Data provided:
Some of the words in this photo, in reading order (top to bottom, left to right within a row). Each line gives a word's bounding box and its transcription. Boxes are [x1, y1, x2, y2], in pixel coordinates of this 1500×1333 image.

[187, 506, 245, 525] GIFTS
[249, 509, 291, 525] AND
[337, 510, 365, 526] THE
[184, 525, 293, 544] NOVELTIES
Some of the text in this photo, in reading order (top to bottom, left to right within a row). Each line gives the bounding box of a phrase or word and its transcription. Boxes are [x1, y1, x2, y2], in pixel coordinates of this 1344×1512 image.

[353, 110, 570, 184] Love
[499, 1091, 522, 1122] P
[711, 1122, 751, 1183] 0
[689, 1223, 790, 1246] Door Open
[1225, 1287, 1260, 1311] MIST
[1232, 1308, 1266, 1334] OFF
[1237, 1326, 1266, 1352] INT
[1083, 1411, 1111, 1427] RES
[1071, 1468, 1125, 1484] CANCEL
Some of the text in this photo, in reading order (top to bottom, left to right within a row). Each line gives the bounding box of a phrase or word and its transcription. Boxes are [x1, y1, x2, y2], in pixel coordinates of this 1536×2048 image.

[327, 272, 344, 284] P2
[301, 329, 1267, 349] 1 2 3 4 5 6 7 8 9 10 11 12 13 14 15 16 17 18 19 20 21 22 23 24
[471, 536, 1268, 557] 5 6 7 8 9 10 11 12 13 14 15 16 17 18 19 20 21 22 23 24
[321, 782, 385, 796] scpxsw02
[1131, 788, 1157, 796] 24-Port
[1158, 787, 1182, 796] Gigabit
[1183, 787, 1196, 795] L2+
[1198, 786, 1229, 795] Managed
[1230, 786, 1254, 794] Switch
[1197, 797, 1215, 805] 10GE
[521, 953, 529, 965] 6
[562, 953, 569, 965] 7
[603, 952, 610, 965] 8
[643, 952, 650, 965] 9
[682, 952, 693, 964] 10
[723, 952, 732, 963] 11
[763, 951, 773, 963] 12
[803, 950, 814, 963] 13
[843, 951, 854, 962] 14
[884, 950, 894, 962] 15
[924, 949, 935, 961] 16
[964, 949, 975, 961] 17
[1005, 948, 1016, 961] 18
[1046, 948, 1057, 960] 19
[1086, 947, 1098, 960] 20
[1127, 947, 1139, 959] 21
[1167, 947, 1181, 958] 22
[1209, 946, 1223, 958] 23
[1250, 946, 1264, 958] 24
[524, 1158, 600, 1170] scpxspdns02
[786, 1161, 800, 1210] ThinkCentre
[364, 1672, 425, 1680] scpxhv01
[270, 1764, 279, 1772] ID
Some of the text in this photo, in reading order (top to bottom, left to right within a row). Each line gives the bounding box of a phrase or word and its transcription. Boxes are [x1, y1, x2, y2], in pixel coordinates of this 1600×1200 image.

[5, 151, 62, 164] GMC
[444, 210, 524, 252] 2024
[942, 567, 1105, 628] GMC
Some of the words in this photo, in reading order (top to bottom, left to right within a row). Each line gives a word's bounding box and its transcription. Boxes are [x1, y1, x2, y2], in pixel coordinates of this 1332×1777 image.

Exercise prompt:
In full and word for word, set down the records shown above.

Answer space:
Some of the words in this photo, in reading order (top to bottom, left to right within a row). Each line gives a word's bounding box and its transcription. Boxes are [x1, y1, x2, y2], in pixel coordinates of this 1500×1333 image.

[187, 506, 245, 525] GIFTS
[249, 509, 291, 525] AND
[337, 510, 365, 526] THE
[184, 525, 293, 544] NOVELTIES
Some of the text in this photo, in reading order (top to bottom, left to right within a row). Each line gives the bounding box of a phrase or word and its transcription. Boxes are [x1, y1, x2, y2], in pixel coordinates of this 1344×1512 image.

[353, 110, 570, 184] Love
[499, 1091, 522, 1122] P
[711, 1122, 751, 1183] 0
[689, 1223, 790, 1246] Door Open
[1225, 1287, 1260, 1311] MIST
[1232, 1308, 1266, 1334] OFF
[1237, 1326, 1266, 1352] INT
[1083, 1411, 1111, 1427] RES
[1071, 1468, 1125, 1484] CANCEL
Some of the text in this photo, in reading order (top to bottom, left to right within a row). Each line gives the bounding box of a phrase or word and its transcription. Boxes are [x1, y1, x2, y2], in pixel coordinates of this 1536×2048 image.

[327, 272, 344, 284] P2
[301, 329, 1267, 349] 1 2 3 4 5 6 7 8 9 10 11 12 13 14 15 16 17 18 19 20 21 22 23 24
[471, 536, 1268, 557] 5 6 7 8 9 10 11 12 13 14 15 16 17 18 19 20 21 22 23 24
[321, 782, 385, 796] scpxsw02
[1131, 788, 1157, 796] 24-Port
[1158, 787, 1182, 796] Gigabit
[1183, 787, 1196, 795] L2+
[1198, 786, 1229, 795] Managed
[1230, 786, 1254, 794] Switch
[1197, 797, 1215, 805] 10GE
[521, 953, 529, 965] 6
[562, 953, 569, 965] 7
[603, 952, 610, 965] 8
[643, 952, 650, 965] 9
[682, 952, 693, 964] 10
[723, 952, 732, 963] 11
[763, 951, 773, 963] 12
[803, 950, 814, 963] 13
[843, 951, 854, 962] 14
[884, 950, 894, 962] 15
[924, 949, 935, 961] 16
[964, 949, 975, 961] 17
[1005, 948, 1016, 961] 18
[1046, 948, 1057, 960] 19
[1086, 947, 1098, 960] 20
[1127, 947, 1139, 959] 21
[1167, 947, 1181, 958] 22
[1209, 946, 1223, 958] 23
[1250, 946, 1264, 958] 24
[524, 1158, 600, 1170] scpxspdns02
[786, 1161, 800, 1210] ThinkCentre
[364, 1672, 425, 1680] scpxhv01
[270, 1764, 279, 1772] ID
Some of the text in this photo, in reading order (top to bottom, left to right within a row). Each line gives the bounding box of a phrase or word and its transcription. Boxes are [x1, y1, x2, y2], in pixel coordinates of this 1600×1200 image.

[5, 151, 62, 164] GMC
[444, 210, 524, 252] 2024
[942, 567, 1105, 628] GMC
Some of the words in this photo, in reading order (top to bottom, left to right within a row). Each line gives a word's bounding box and its transcription. Boxes are [x1, y1, x2, y2], in pixel coordinates of this 1332×1777 image.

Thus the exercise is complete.